# kayaking st simons



## QuackHead90 (May 24, 2015)

My cousin and I are wanting to go fishing in the yaks for trout reds sharks flounder and sheepshead or any other edible fish when we are at St simons. We will be down from July 24-29. Where would be a good place to launch from, start at, baits, what areas to look for to fish etc. This will be our first time fishing that area and not looking for your honey holes just a few tips. Any help is GREATLY appreciated.


----------



## BriarPatch99 (May 26, 2015)

The Red Barn/Village Creek area would be a great spot for a kayak ...  I have not been in for a long time ...  things may have changed ...

Very good fishing all around that area ....


----------



## Brad30110 (May 26, 2015)

Bennies Red Barn is a great place for a steak and village creek still has great fishing.


----------



## QuackHead90 (Jun 8, 2015)

Bump


----------



## ForsythGlock (Jul 5, 2015)

I am going down to St Simons in a few days, and I plan to launch my kayak at Village Creek.  This may be a dumb question, but I don't fish much, and when I do it is usually off the beach.  Are there flounder and trout close to Village Creek, or do I need to paddle closer to the coast.  Also, at low tide, are main channels still navigable in a kayak, or will I be dragging my boat?  

Any info would be greatly appreciated!


----------



## trippcasey (Jul 5, 2015)

ForsythGlock said:


> I am going down to St Simons in a few days, and I plan to launch my kayak at Village Creek.  This may be a dumb question, but I don't fish much, and when I do it is usually off the beach.  Are there flounder and trout close to Village Creek, or do I need to paddle closer to the coast.  Also, at low tide, are main channels still navigable in a kayak, or will I be dragging my boat?
> 
> Any info would be greatly appreciated!



You can catch either in Village Creek. Low tide is a mud drag. Fish outgoing tide when there is still high enough water to put in and follow the tide out, then follow it back in. Mud minnows are great flounder bait, and good trout bait too. Mud minnow on a jig head is a great flounder rig. Just bump it along the bottom near a slight drop off or oyster rake or any structure and you should have a good chance of nailing a flat fish.


----------



## ForsythGlock (Jul 5, 2015)

trippcasey said:


> You can catch either in Village Creek. Low tide is a mud drag. Fish outgoing tide when there is still high enough water to put in and follow the tide out, then follow it back in. Mud minnows are great flounder bait, and good trout bait too. Mud minnow on a jig head is a great flounder rig. Just bump it along the bottom near a slight drop off or oyster rake or any structure and you should have a good chance of nailing a flat fish.



Thank you sir!


----------



## baronsmith98 (Jul 6, 2015)

Just caught this flounder in village creek out of my kayak last week.

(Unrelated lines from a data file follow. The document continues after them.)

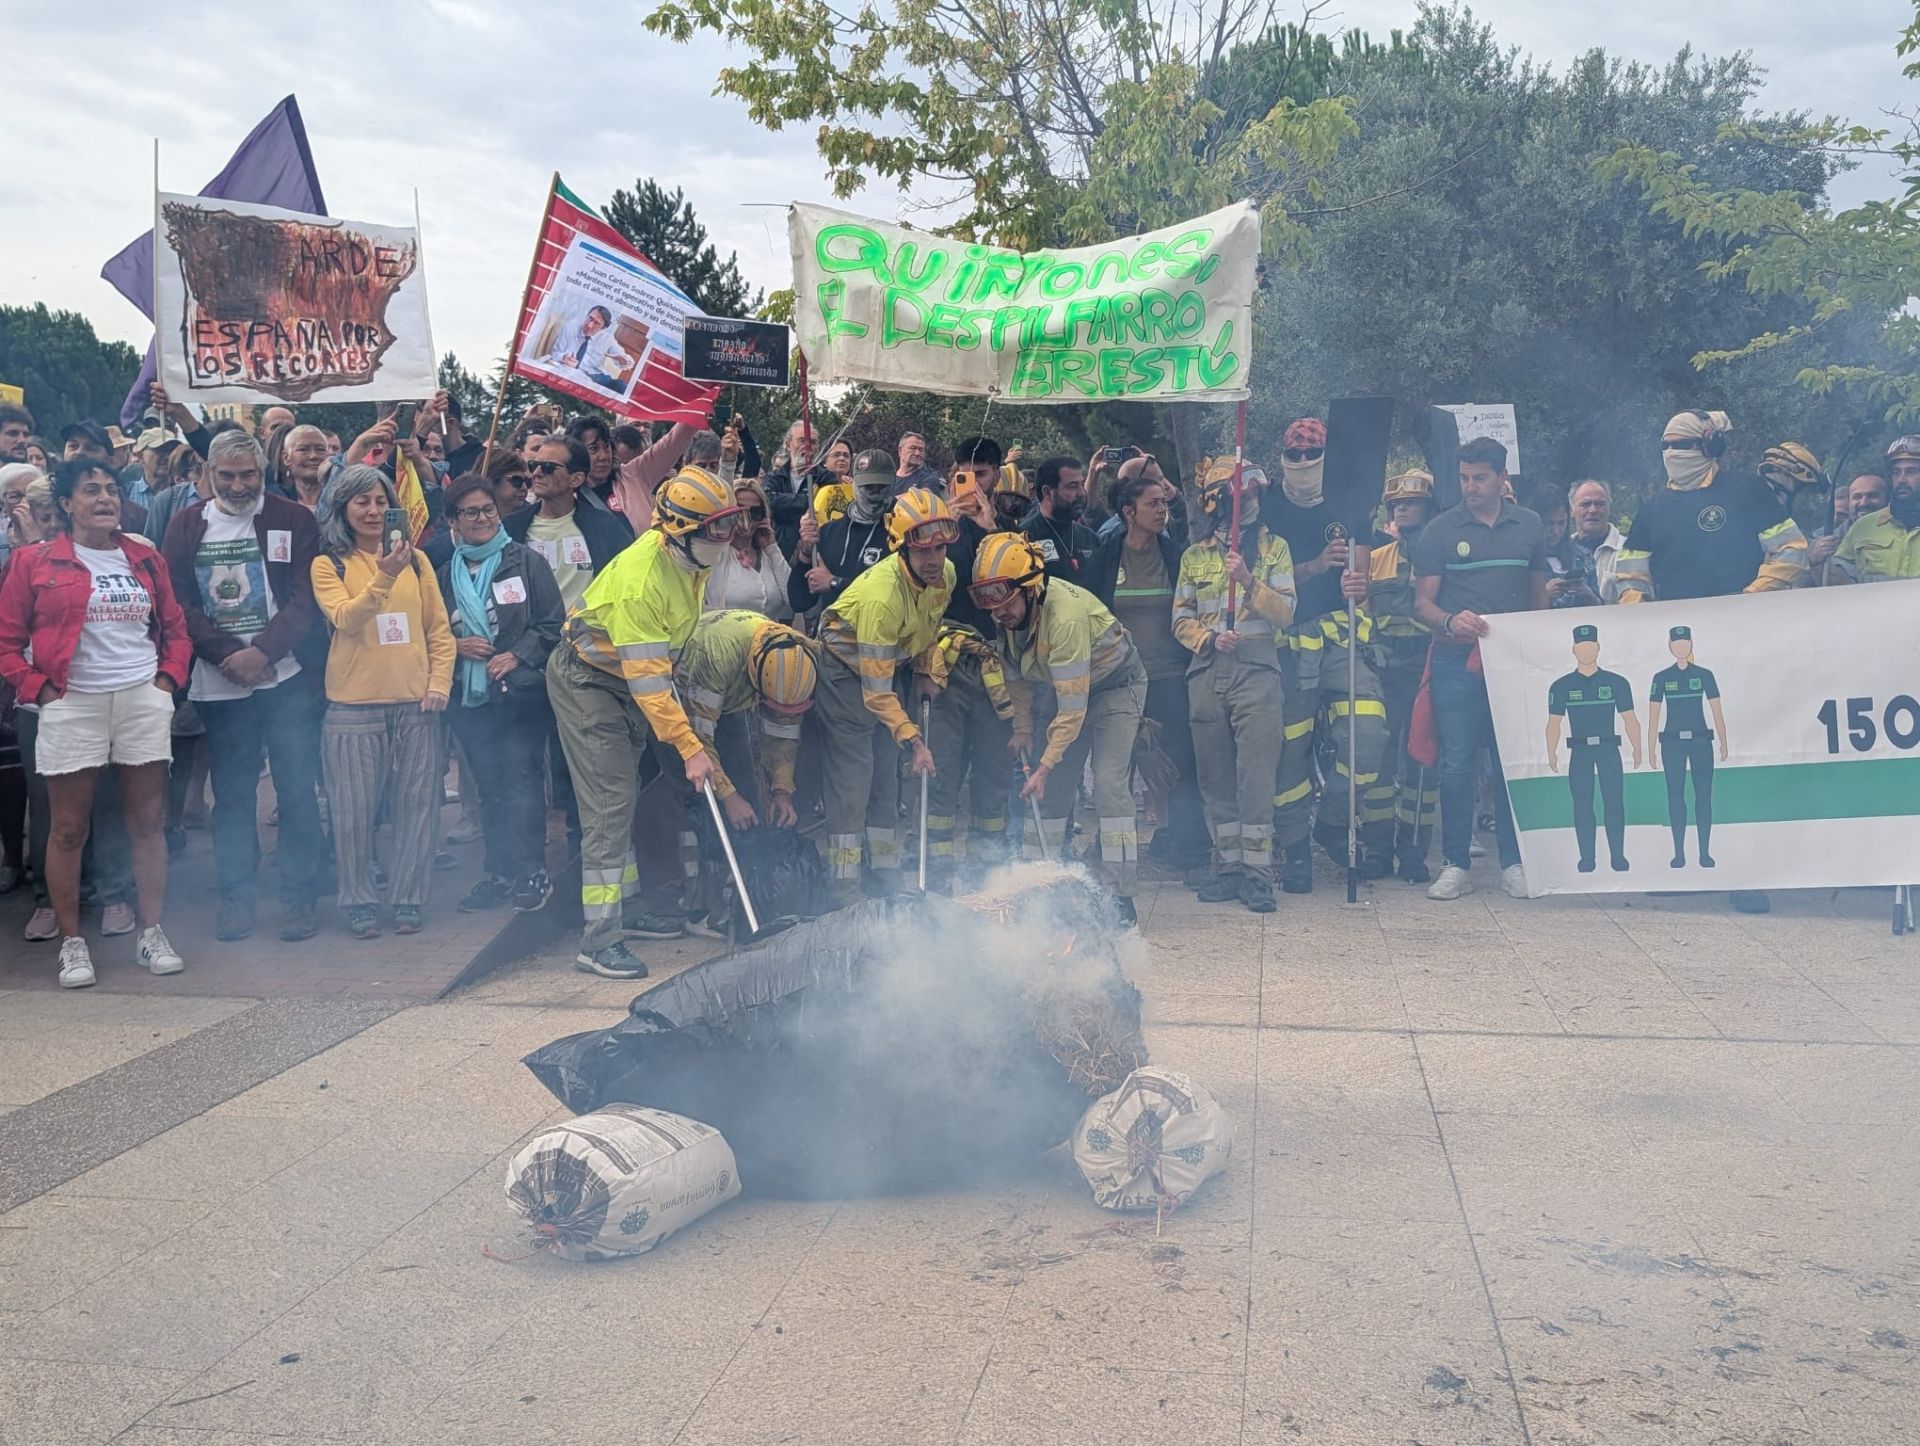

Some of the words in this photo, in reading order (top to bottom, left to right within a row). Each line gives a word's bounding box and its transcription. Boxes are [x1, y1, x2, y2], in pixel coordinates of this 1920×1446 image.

[301, 238, 400, 278] ARDE
[590, 266, 608, 278] Juan
[608, 274, 630, 289] Carlos
[566, 275, 582, 287] todo
[583, 282, 590, 290] el
[590, 286, 605, 297] año
[605, 292, 614, 300] es
[614, 296, 643, 315] absurdo
[649, 314, 660, 324] un
[622, 289, 655, 310] operativo
[655, 307, 665, 315] de
[195, 318, 333, 350] ESPAÑA
[341, 320, 380, 348] POR
[880, 286, 1206, 352] DESPILFARRO
[193, 351, 242, 379] LOS
[252, 349, 371, 381] RECORTES
[95, 574, 140, 589] STO
[1816, 694, 1920, 754] 150

Incoming tide using mud minnows. They are in there.


----------



## ForsythGlock (Jul 6, 2015)

Nice fish!


----------



## Bream Pole (Jul 6, 2015)

*village creek*

Village Creek itself will have plenty of water at low tide.  Its the little creek where the landing is that becomes a mud flat at low tide and  in many of the other side creeks you might enter to fish you could be cut off from Village at low tide and have to wait a while to get out of them.  I haven't fished Village in years and then in a small fishing boat with outboard not a kayak. 

Also from what I read be sure and lock your vehicle and if in a pick up, don't leave things in the bed for a thief.  At times there is vandalism at the landing which is true of other public ramps in the St. Simons/Brunswick area.

Beautiful area and good fishing.


----------



## ForsythGlock (Jul 6, 2015)

Great info Paddler, thanks!  I am a newbie at this, so I can use all the help I can get.  Sounds like I could fish the main channel of Village Creek out from high tide, and follow it back in to the Landing.


----------